After he finished this film, Martin Scorsese screened it for John Cassavetes. Cassavetes, after seeing it, hugged Scorsese and said, "Marty, you've just spent a whole year of your life making a piece of shit. It's a good picture, but you're better than the people who make this kind of movie. Don't get hooked into the exploitation market, just try and do something different." Scorsese's next film was Mean Streets (1973).
The train sequences were shot first and they took about a week. This was done to get the most complicated element of the production, working with a moving train, out of the way first.
There was a rumor that Roger Corman's wife Julie Corman obtained the film rights to the story from Bertha Thompson herself after tracking her down in a San Francisco hotel room; she never actually met Thompson--because Thompson wouldn't open the door-but that rumor wasn't true.

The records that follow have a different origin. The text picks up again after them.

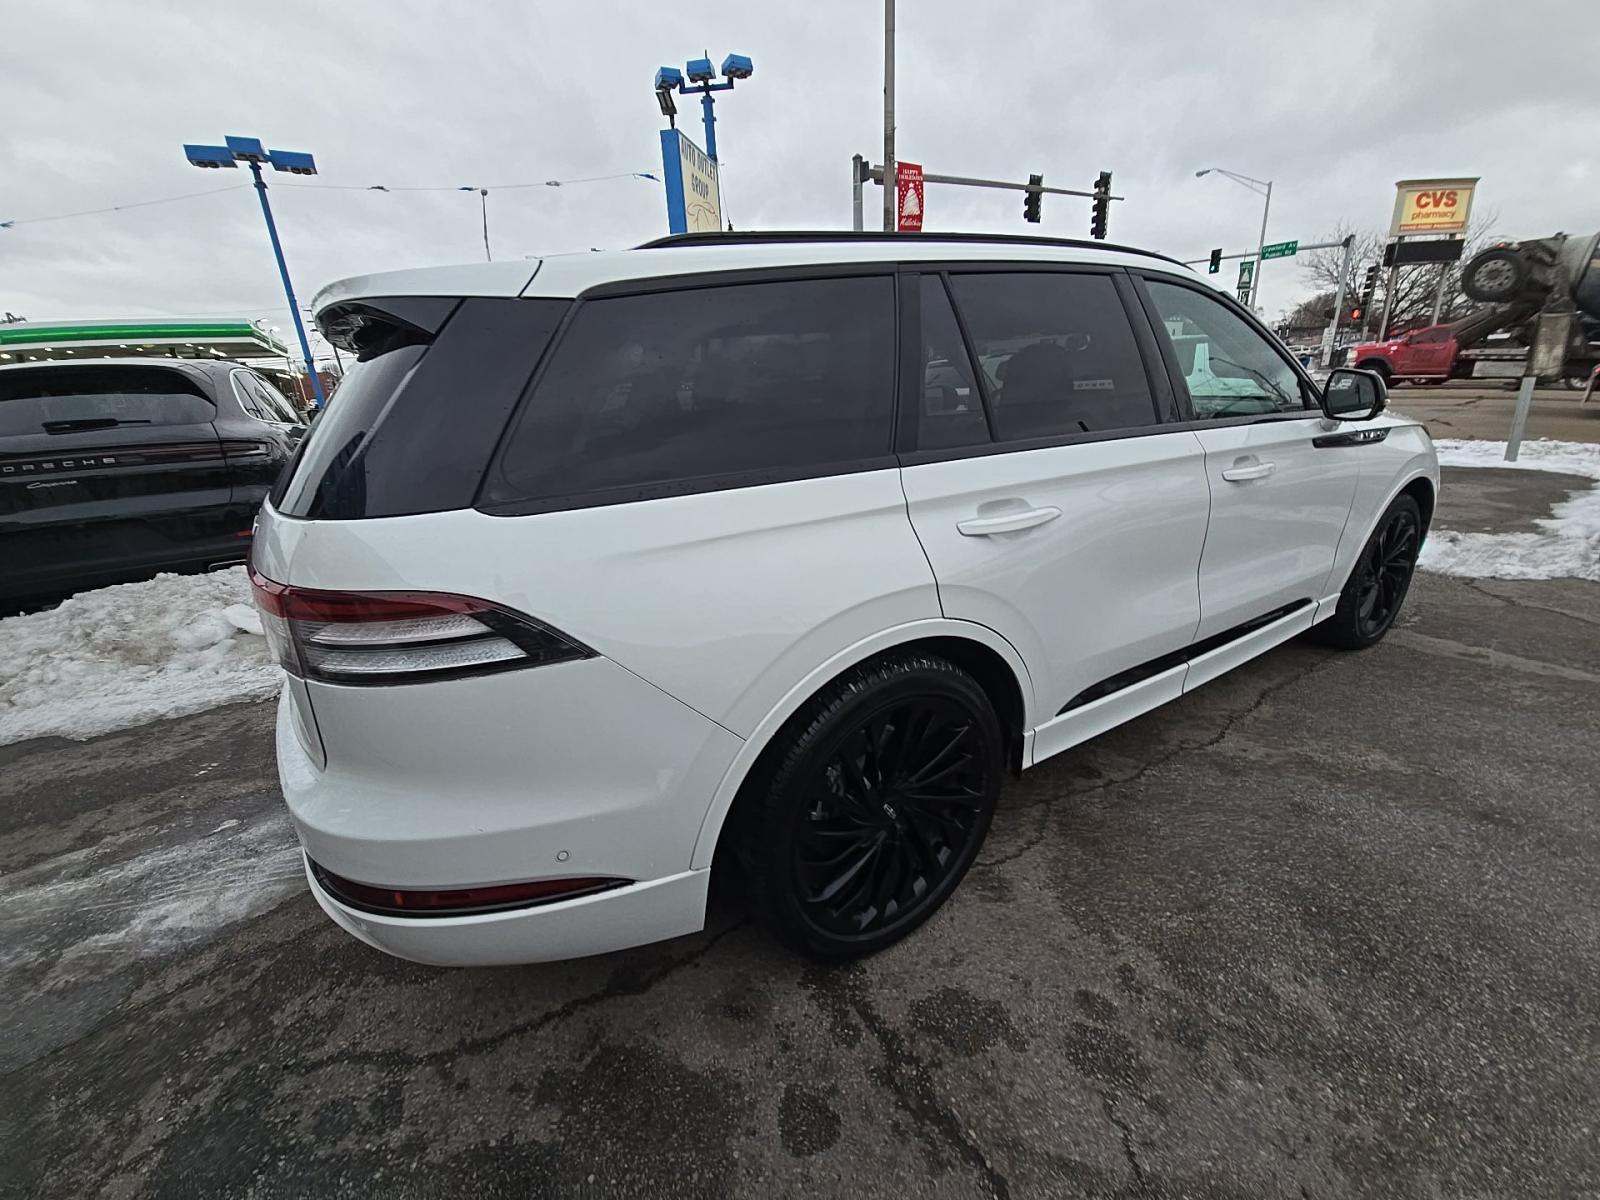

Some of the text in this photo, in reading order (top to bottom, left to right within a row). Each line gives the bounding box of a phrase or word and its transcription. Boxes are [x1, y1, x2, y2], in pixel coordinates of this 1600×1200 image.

[1416, 190, 1458, 209] CVS
[1411, 210, 1457, 221] pharmacy
[2, 457, 116, 473] ORSCHE
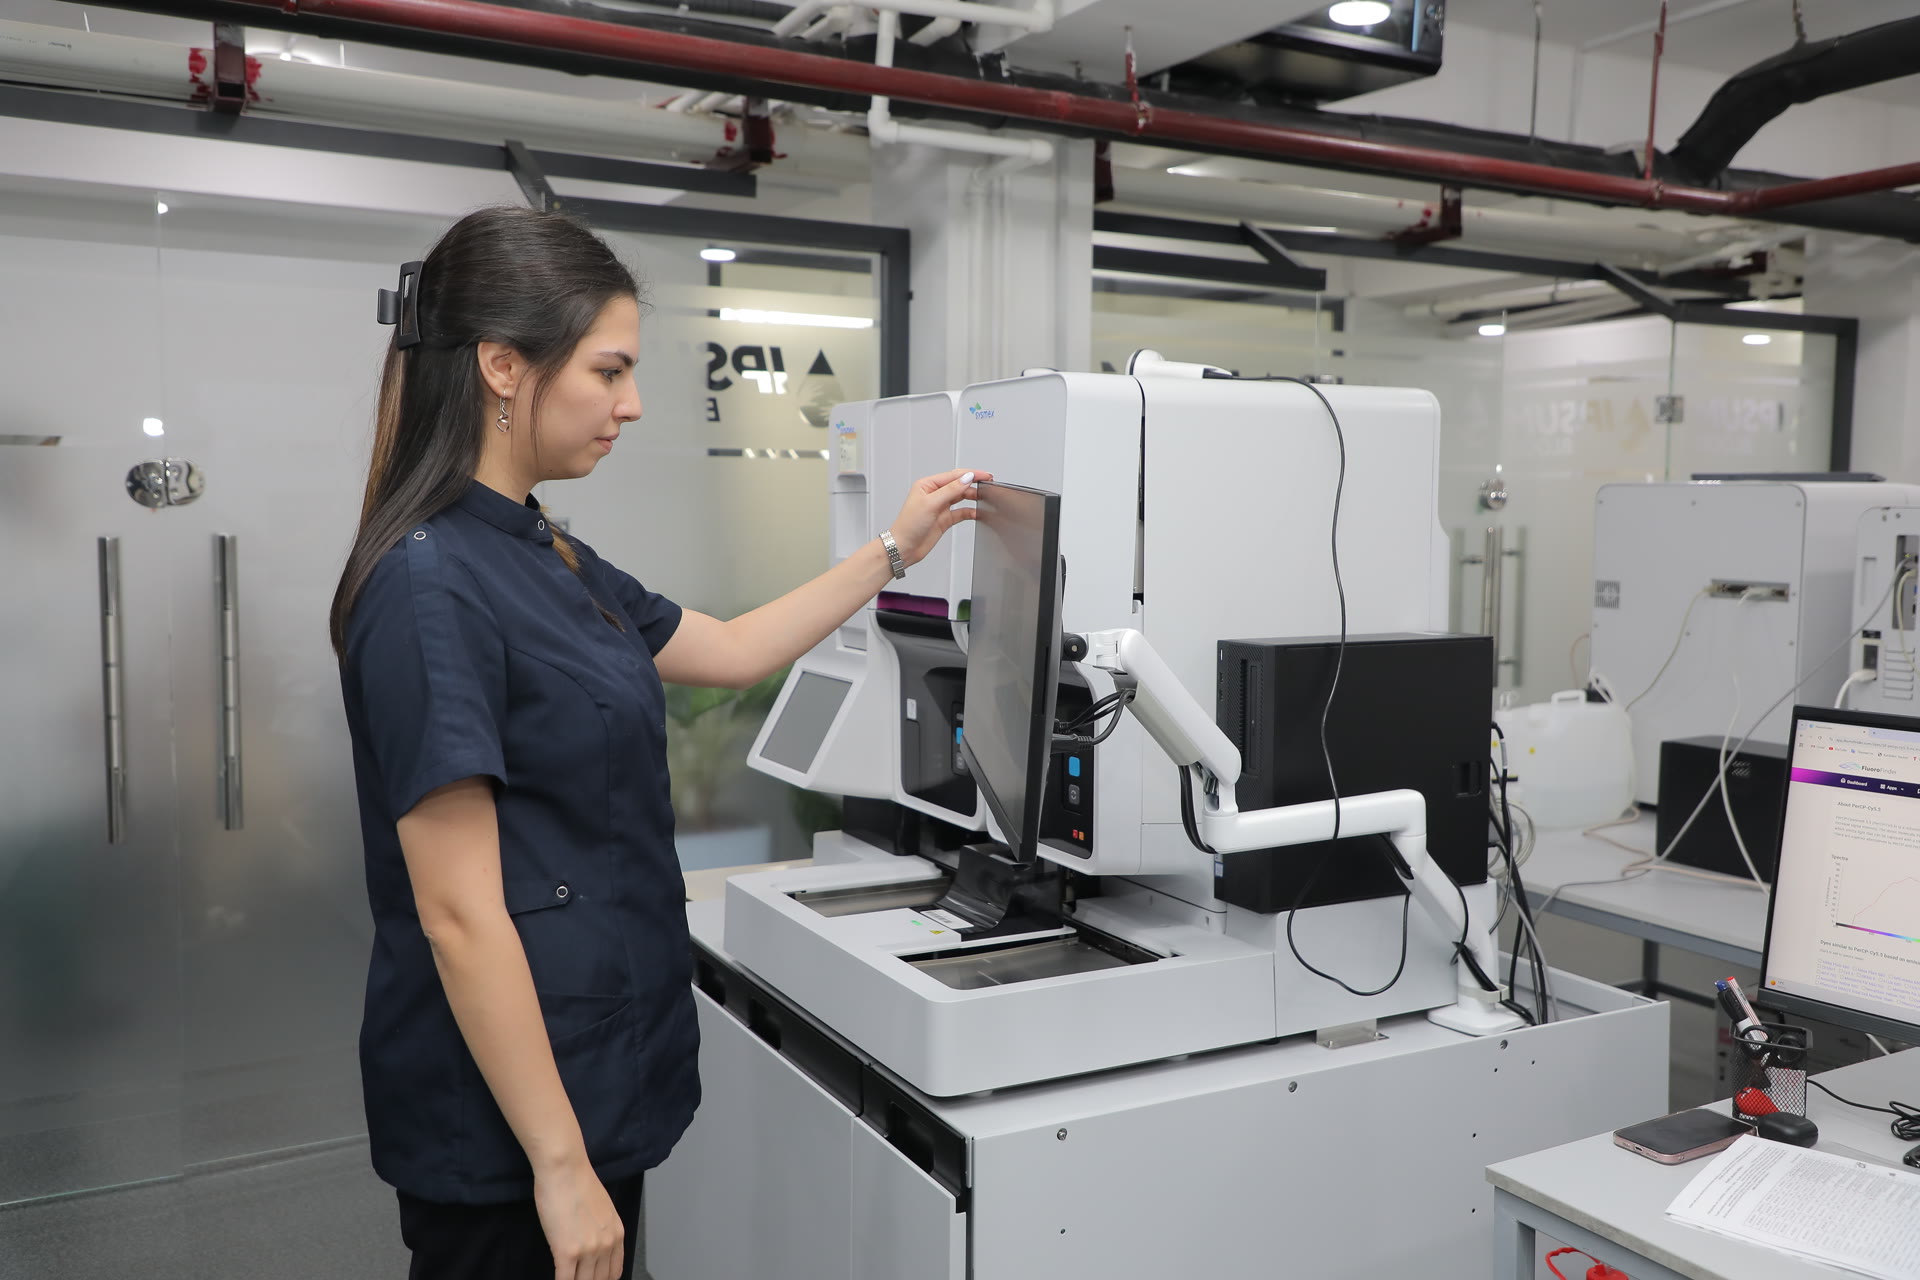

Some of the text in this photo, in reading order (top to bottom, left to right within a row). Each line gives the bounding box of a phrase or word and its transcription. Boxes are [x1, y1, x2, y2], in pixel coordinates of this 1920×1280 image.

[1861, 766, 1897, 775] FluoroFinder
[1847, 779, 1868, 787] Dashboard
[1884, 952, 1899, 961] based

It may haver been a pre-release publicity stunt or maybe even a trick played on the Cormans by the true owner of the story, author Ben L. Reitman; the afterword in the fourth re-issue of the book "Boxcar Bertha" explained that the book is a work of fiction, and that the character Bertha Thompson was an amalgam of at least three women that Reitman knew, but was mostly modeled on a woman named Retta Toble.

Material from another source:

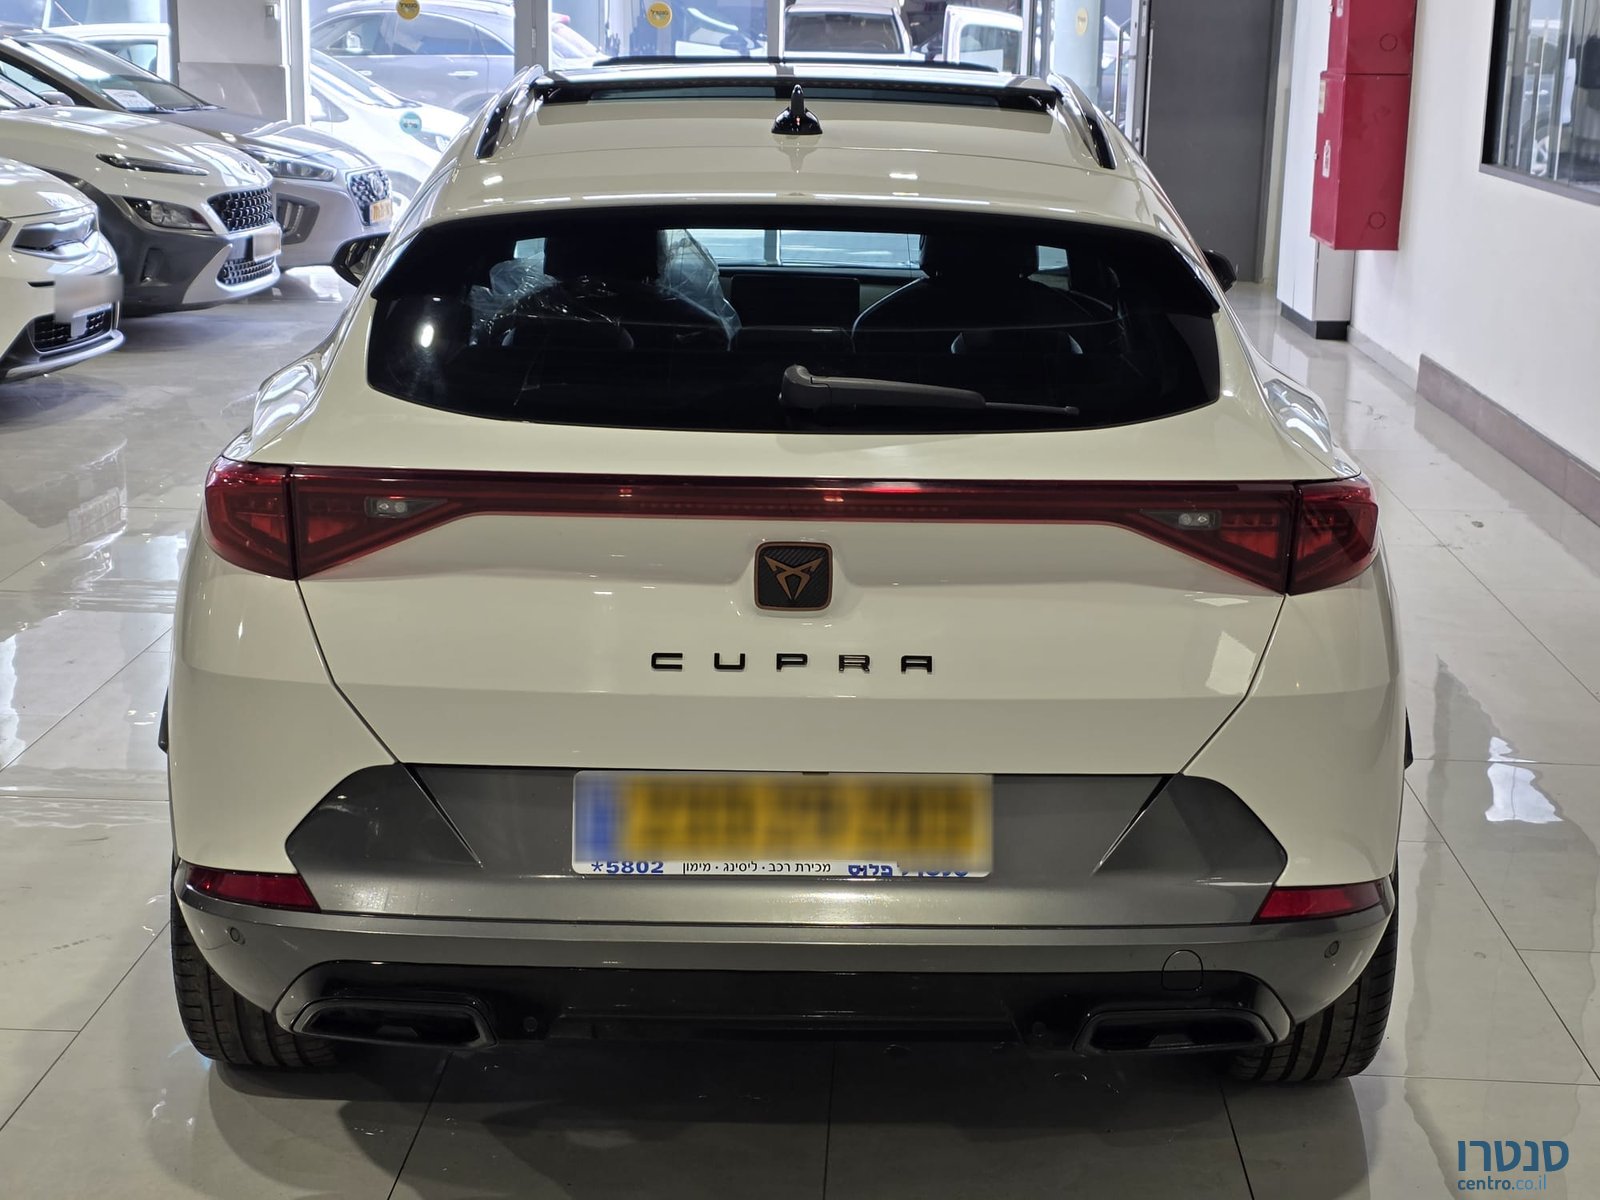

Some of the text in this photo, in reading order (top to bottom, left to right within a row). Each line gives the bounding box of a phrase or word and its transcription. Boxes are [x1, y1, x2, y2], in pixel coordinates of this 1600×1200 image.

Barbara Hershey later called the film "a lot of fun even though it's terribly crippled by Roger Corman and the violence and sex. But between the actors and Martin Scorsese the director, we had a lot of fun. We really had characters down but one tends to not see all that, because you end up seeing all the blood and sex."
The Reader Railroad was the actual name of the railroad where the train scenes were filmed. It opened in 1889 and is still in business, used at various times for freight, tourism and movie service. At the time of filming it was still regularly using vintage equipment, most notably steam locomotives.
Martin Scorsese: as a john who is just finishing dressing himself when he asks Bertha if he can spend the night.